What the study actually says is that the longer you take synthetic HRT, the more at risk you are for breast cancer. Researchers looked at different groups of women, and among other things compared women who had taken synthetic HRTfor varying numbers of years. According to the results, increased risk for breast cancer was seen during years 1 to 4 of use, and then this risk doubled during years 5 to 14. The risk persisted for a certain number of years following use.
These findings make complete sense to me because the longer you ingest any toxic substance, the more likely it is to harm you. Is that really a surprise to anyone?
We’ve known for a very long time just how bad synthetic HRT is for women. You may remember being shocked back in 2004 when the large-scale Women’s Health Initiative (WHI) revealed that synthetic HRT put women at serious risk of breast cancer, stroke and other life-threatening disorders. The study was a bombshell because, at the time, more than 10 million women were being prescribed some form of synthetic HRT, most commonly during menopause.
The forms of synthetic HRT studied in the WHI included medications such as conjugated equine estrogen (Premarin) and synthetic progestins. These synthetic medications are the same forms of HRT examined in the new Lancet study. If anything, what this shows is that we knew these synthetic hormones were bad in 2004, and now 15 years later, nothing has changed!
If you are suffering from menopause symptoms, I know that you might be feeling pulled in different directions right now. If you see a conventional doctor, you’ve probably gotten the “risk/reward” talk that having this effective form of relief for your symptoms is worth the risk synthetic HRT carries.
Here is what I tell my patients: these synthetic hormones have no place in your body. There are so many other ways to effectively rebalance your hormones — naturally and safely. I am talking about diet and lifestyle interventions, nutritional supplementation, exercise, and bioidentical hormones — which are not at all the same as synthetic hormones. You have so many options! Please note that it’s important to work with a physician with extensive training in the use of bioidentical hormones and who can appropriately monitor you.
In the UK, physician groups have already adjusted their prescription guidelines for HRT in light of this latest study.
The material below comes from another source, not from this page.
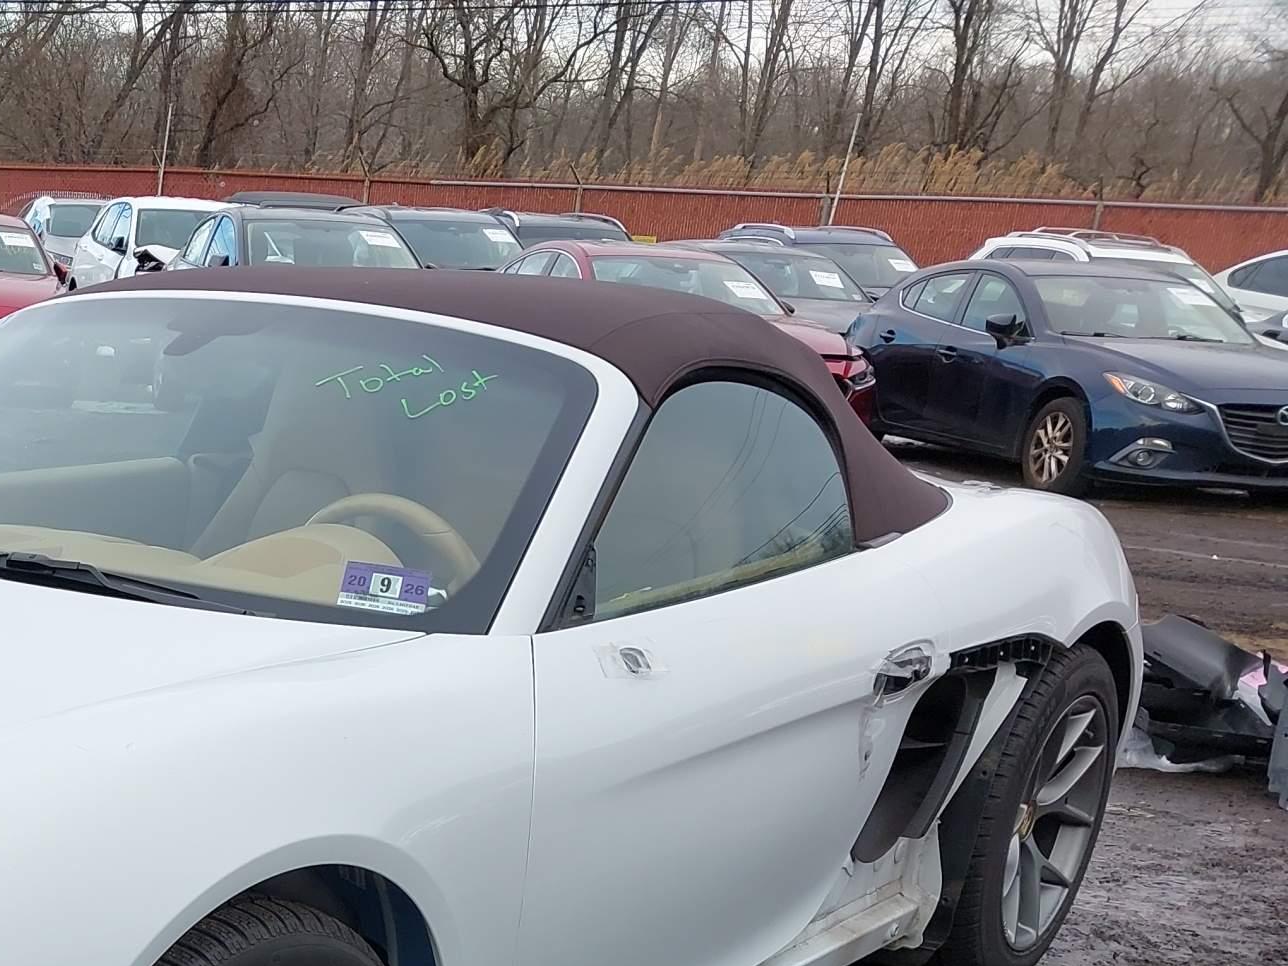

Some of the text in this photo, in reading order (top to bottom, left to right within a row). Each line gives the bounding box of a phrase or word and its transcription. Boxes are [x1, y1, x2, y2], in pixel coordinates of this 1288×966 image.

[315, 354, 445, 399] Total
[400, 369, 500, 419] Lost
[348, 575, 425, 596] 20 9 26
I wish we were so responsive here in the US. We need to keep talking about the real risks of synthetic HRT and the safer, effective alternatives available to women to deal with symptoms of hormonal imbalance, especially in menopause. That’s exactly what we’re doing at Women’s Health Network, and I am so glad to be part of the conversation.
We’ll be delving deeper into the Lancet study and all the issues surrounding HRT in the months ahead. But let me make one point now about the true value of the Lancet study. Since the WHI revelations in 2004, the pharmaceutical industry has been on a campaign to restore women’s confidence in synthetic HRT. The Lancet study should finally put that campaign to a well-deserved end.